**Required action:** Set the data down exactly as it stands, and keep its pictures out.

**Data:**
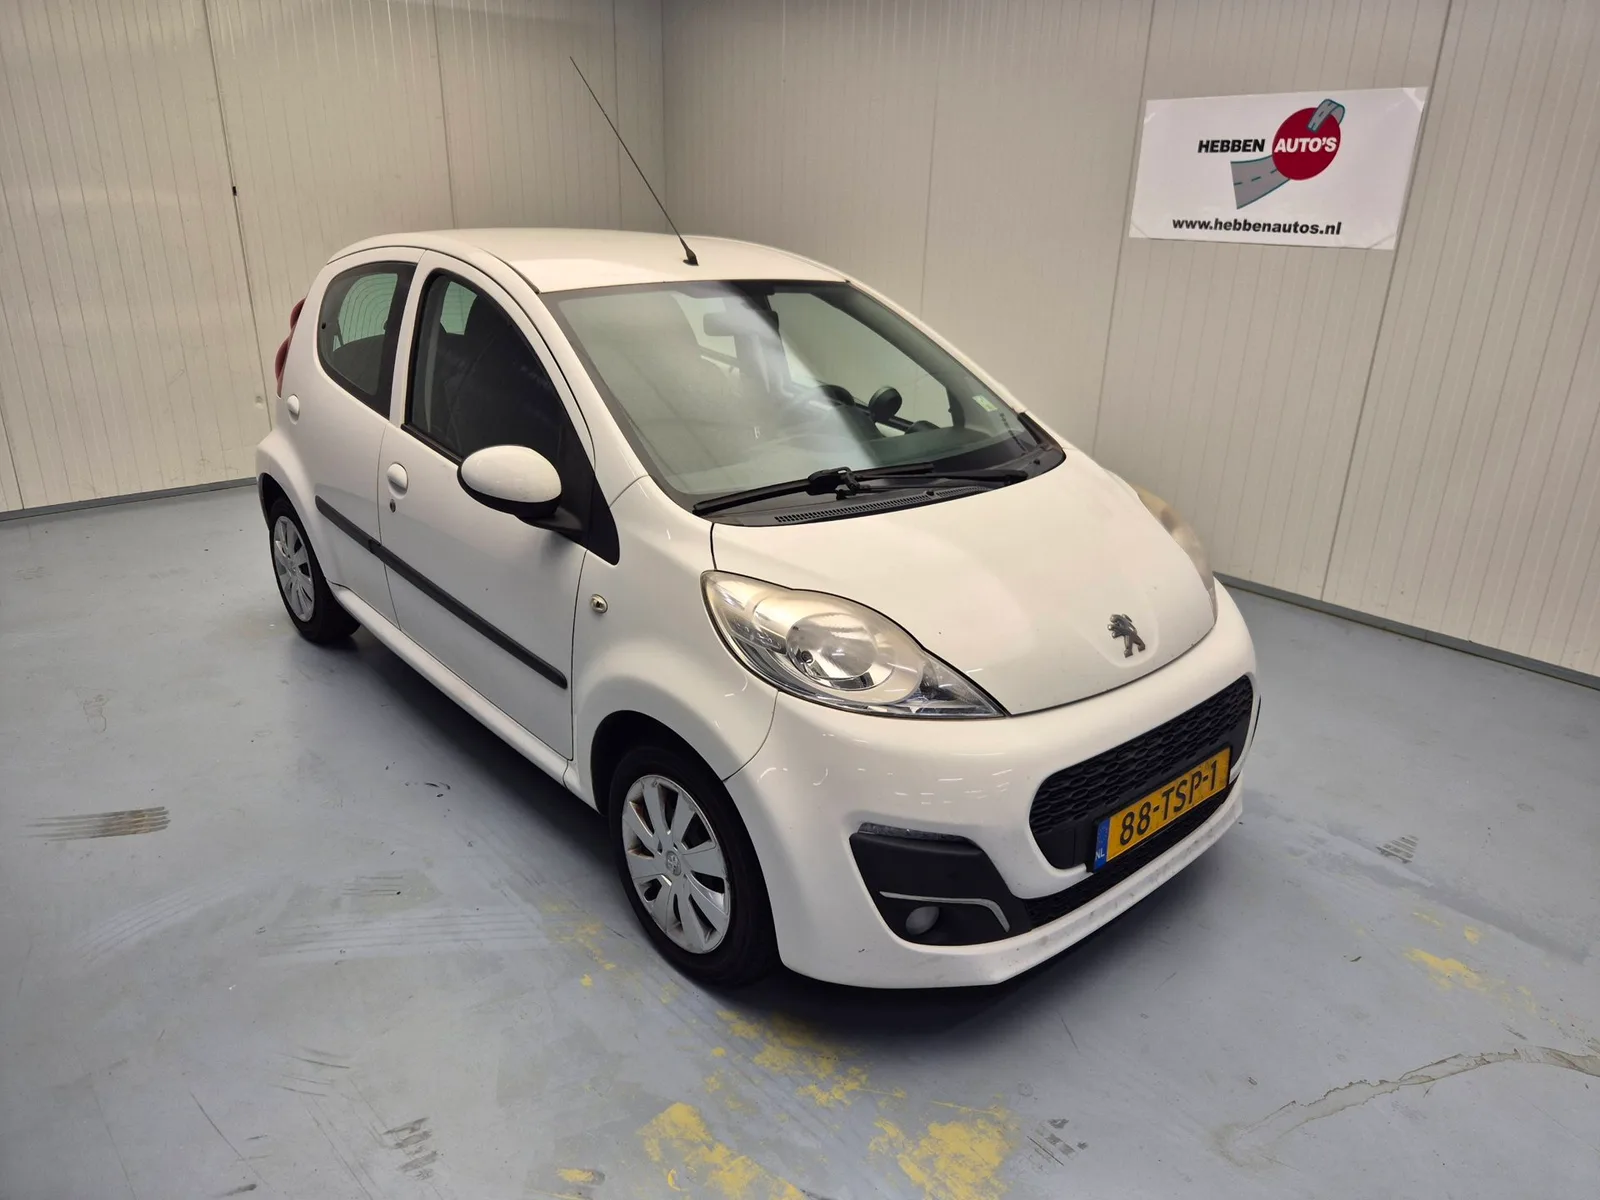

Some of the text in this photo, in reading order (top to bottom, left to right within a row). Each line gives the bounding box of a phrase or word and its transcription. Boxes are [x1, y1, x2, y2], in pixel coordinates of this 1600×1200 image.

[1197, 136, 1338, 154] HEBBEN AUTO'S
[1171, 218, 1343, 236] www.hebbenautos.nl
[1119, 760, 1218, 846] 88-TSP-1
[1095, 848, 1106, 860] NL
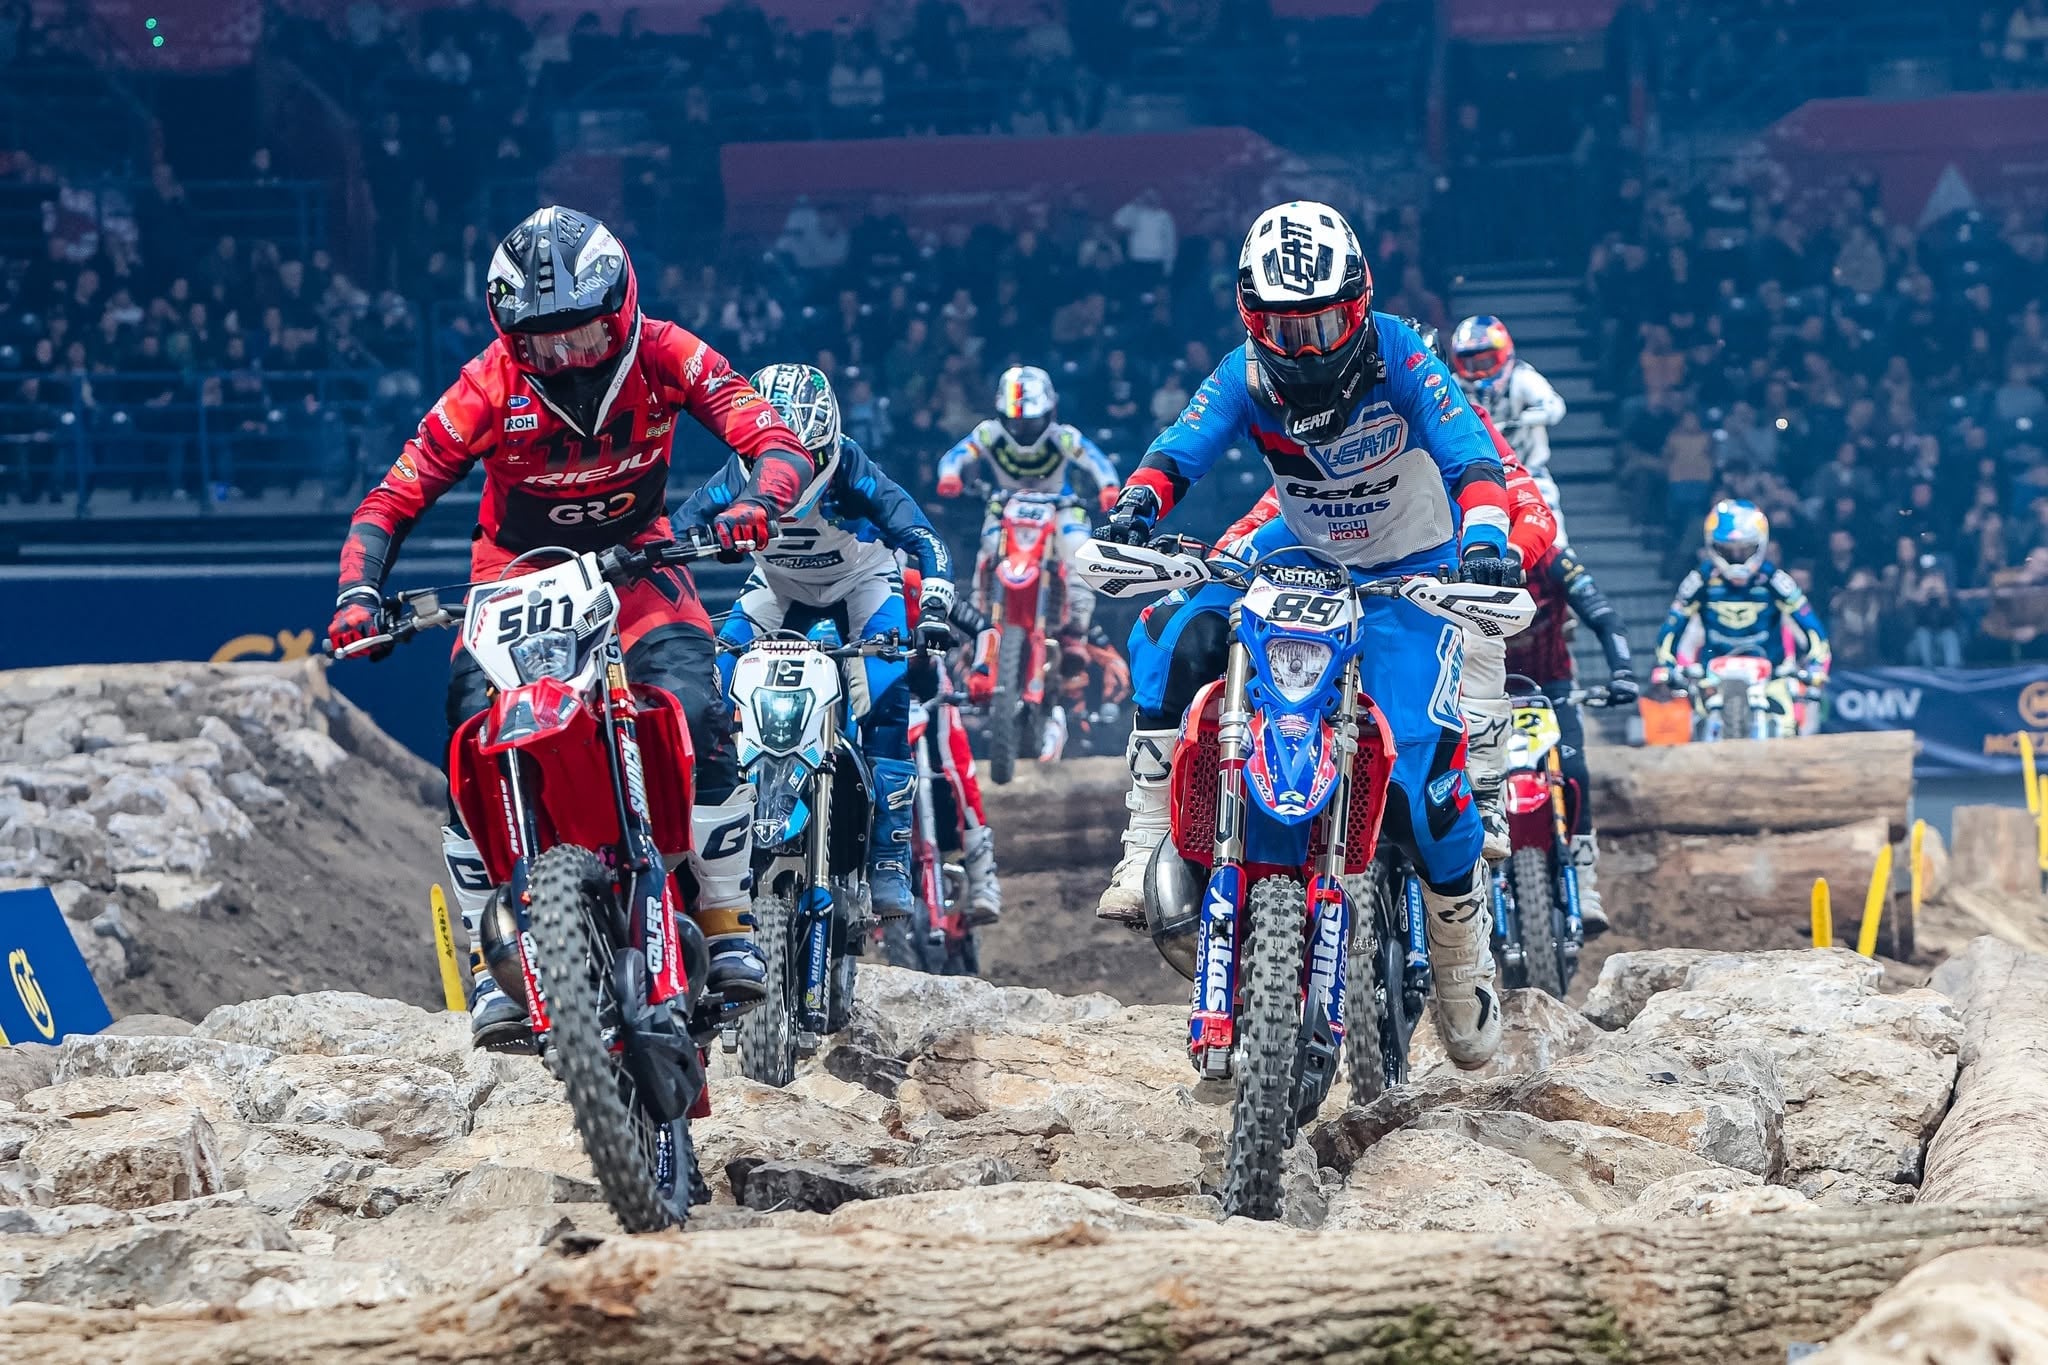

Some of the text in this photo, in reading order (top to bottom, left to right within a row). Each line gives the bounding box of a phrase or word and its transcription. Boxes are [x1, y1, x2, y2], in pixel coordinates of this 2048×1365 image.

**Response to the exercise:**
Some of the text in this photo, in reading order (top to bottom, left to right within a row). Each line gives the bounding box of a phrase or word and its transcription. Boxes are [x1, y1, x2, y2], in pixel coordinates of this 1600×1200 image.

[1197, 136, 1338, 154] HEBBEN AUTO'S
[1171, 218, 1343, 236] www.hebbenautos.nl
[1119, 760, 1218, 846] 88-TSP-1
[1095, 848, 1106, 860] NL

Some of the text in this photo, in reading order (top to bottom, left to right within a row). Each line gives the bounding box of a phrase or word and its transcription. Boxes are [x1, y1, x2, y2], in pixel coordinates of this 2048×1365 image.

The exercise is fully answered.